As the title of his new book promises, Eric Cline’s goal in Three Stones Make a Wall is to tell “the story of archaeology.” Fortunately for the readers of this excellent volume, Cline is a skilled storyteller who brings many of the great discoveries in world archaeology to life. He also provides an overview of archaeological theory, methodology, and policy that is informative and entertaining to lay readers and experts alike.

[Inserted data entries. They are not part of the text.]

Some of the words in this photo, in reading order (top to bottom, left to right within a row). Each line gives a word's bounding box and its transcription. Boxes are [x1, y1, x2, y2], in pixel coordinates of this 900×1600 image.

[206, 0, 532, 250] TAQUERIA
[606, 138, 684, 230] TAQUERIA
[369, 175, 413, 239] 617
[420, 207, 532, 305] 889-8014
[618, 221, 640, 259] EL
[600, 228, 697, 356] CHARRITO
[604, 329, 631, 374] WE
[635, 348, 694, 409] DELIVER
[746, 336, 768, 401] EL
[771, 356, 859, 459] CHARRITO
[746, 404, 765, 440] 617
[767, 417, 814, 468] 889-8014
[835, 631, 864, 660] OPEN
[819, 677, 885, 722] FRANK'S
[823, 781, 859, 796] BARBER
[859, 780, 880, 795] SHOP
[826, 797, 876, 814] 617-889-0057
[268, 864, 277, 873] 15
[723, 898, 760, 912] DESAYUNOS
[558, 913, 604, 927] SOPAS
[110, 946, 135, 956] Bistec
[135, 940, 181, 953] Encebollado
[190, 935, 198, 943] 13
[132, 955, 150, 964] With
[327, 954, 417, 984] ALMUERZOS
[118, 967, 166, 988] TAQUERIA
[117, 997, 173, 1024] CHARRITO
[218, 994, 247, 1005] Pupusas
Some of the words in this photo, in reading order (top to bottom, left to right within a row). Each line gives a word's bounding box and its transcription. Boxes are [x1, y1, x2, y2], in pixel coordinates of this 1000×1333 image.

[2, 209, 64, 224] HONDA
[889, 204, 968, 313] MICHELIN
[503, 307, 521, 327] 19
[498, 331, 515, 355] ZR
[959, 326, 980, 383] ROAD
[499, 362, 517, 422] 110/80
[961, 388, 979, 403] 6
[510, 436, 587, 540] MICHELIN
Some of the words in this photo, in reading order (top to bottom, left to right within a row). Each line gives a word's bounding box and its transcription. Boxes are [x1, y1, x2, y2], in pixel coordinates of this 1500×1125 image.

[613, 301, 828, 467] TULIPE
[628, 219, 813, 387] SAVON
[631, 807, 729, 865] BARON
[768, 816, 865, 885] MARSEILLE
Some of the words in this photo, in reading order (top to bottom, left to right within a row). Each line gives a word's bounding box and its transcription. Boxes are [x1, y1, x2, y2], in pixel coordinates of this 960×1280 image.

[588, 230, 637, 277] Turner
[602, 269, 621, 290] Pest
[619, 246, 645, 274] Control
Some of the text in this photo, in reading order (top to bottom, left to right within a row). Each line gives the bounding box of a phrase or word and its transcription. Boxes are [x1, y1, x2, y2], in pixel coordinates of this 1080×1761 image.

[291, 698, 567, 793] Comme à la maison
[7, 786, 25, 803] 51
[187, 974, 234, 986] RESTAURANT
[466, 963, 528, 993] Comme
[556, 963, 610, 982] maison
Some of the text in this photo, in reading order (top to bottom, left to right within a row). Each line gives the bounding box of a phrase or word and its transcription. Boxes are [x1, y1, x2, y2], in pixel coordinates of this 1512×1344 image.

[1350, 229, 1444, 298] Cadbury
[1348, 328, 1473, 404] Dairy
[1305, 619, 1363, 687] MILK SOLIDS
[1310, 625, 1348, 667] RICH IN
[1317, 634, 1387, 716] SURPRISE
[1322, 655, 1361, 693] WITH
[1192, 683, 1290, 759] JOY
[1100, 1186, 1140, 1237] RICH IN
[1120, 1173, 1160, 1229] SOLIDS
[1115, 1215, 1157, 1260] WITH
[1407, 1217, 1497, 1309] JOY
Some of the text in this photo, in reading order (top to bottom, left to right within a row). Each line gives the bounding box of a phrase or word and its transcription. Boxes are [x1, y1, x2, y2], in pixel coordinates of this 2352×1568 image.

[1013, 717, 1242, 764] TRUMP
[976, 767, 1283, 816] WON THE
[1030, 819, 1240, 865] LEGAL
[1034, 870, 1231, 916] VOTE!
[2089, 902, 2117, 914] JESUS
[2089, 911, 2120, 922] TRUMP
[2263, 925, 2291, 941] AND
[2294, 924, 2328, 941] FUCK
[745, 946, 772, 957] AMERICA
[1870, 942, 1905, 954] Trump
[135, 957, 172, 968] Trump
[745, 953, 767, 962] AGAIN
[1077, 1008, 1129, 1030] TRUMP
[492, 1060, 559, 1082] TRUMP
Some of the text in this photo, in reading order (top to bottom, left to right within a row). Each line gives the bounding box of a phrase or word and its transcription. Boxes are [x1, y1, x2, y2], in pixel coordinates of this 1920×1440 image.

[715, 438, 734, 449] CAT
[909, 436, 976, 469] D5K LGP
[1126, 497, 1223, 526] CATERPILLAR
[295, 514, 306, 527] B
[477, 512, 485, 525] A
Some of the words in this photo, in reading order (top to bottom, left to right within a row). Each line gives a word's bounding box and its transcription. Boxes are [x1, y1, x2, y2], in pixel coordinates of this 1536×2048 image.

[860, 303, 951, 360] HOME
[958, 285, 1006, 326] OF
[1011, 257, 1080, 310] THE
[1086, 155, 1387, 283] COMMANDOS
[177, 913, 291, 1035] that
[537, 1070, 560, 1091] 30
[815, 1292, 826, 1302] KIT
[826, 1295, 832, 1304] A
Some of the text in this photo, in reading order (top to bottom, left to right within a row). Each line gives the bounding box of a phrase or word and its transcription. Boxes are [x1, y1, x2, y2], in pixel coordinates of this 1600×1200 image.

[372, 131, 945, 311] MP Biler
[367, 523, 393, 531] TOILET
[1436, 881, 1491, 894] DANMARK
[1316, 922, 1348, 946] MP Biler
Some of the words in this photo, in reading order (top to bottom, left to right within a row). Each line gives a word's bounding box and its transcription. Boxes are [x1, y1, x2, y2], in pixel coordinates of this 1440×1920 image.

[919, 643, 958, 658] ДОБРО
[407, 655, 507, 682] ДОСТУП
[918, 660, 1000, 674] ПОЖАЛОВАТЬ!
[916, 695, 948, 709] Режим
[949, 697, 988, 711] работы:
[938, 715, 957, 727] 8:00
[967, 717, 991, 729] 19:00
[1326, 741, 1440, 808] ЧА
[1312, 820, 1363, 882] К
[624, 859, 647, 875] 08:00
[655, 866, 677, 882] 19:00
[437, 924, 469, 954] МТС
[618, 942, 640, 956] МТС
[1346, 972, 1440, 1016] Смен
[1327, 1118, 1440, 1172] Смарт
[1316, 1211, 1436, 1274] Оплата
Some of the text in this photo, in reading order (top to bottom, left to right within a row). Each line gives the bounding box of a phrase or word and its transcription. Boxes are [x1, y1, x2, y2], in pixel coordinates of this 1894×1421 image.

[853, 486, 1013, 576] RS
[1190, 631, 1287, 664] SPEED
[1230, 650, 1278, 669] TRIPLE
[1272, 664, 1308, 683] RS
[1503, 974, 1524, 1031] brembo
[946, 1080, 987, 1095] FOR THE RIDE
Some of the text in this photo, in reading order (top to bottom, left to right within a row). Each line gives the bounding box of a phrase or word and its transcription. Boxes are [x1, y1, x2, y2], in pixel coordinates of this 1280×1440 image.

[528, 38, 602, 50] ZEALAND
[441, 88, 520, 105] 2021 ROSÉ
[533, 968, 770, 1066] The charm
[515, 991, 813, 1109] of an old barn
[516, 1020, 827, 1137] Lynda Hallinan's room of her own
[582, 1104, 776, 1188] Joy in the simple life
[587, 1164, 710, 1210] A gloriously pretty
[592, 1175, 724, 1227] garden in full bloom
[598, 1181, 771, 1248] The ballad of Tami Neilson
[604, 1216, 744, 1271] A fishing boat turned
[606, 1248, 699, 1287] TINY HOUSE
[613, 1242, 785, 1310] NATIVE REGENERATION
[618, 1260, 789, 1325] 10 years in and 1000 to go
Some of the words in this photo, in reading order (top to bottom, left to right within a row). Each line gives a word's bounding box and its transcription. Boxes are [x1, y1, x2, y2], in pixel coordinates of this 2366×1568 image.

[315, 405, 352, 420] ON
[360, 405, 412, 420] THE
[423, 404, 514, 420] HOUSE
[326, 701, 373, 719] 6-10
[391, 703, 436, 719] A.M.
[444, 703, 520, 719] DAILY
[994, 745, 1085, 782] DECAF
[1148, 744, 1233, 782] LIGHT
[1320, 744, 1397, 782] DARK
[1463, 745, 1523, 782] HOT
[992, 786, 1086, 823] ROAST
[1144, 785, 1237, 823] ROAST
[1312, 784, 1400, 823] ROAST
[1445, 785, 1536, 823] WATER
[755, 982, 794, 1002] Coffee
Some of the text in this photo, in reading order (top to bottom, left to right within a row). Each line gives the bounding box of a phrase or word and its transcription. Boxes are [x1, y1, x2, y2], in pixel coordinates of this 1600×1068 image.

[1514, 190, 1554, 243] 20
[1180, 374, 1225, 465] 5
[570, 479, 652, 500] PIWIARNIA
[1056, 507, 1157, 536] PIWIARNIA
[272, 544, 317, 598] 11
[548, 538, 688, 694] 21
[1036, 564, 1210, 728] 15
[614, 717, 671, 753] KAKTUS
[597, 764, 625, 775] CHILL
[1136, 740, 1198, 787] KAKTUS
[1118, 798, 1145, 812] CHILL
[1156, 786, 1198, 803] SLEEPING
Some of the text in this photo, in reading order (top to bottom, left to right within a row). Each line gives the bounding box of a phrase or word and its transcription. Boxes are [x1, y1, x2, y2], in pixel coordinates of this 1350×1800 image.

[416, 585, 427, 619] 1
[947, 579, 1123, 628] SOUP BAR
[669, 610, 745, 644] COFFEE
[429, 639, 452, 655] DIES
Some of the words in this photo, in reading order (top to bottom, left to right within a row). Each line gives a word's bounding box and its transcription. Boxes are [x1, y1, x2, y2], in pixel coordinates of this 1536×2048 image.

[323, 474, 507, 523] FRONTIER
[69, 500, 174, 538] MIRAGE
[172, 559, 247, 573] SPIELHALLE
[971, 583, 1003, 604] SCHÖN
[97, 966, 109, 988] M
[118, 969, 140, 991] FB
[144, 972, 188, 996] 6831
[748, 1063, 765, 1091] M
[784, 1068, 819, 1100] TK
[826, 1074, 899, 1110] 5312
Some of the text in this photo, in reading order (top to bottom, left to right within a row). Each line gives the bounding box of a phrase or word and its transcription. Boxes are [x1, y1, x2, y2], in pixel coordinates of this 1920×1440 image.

An archaeologist with more than 30 seasons of excavation experience, Cline is also Professor of Classics and Anthropology at The George Washington University. In 19 chapters and four interludes (called “Digging Deeper”), Cline describes important archaeological discoveries worldwide but focuses on his main areas of archaeological interest: the Middle East and the Aegean. He immediately grabs the reader’s attention with a prologue on British archaeologist Howard Carter’s discovery of the ancient Egyptian tomb of Pharaoh Tutankhamun in 1922 and holds our attention throughout Part I—“Early Archaeology and Archaeologists”—which covers discoveries at Pompeii, Troy, Egypt, Mesopotamia, and Central America and the personalities who made them. Although these will be familiar stories to many BAR readers, Cline tells them in a new way, offering anecdotes and inside information along with up-to-date research on sites first excavated a century ago or more. This approach continues through the rest of the book in sections on human origins and early farming, the Bronze Age Aegean, Greece and Rome, the Holy Land, and New World archaeology.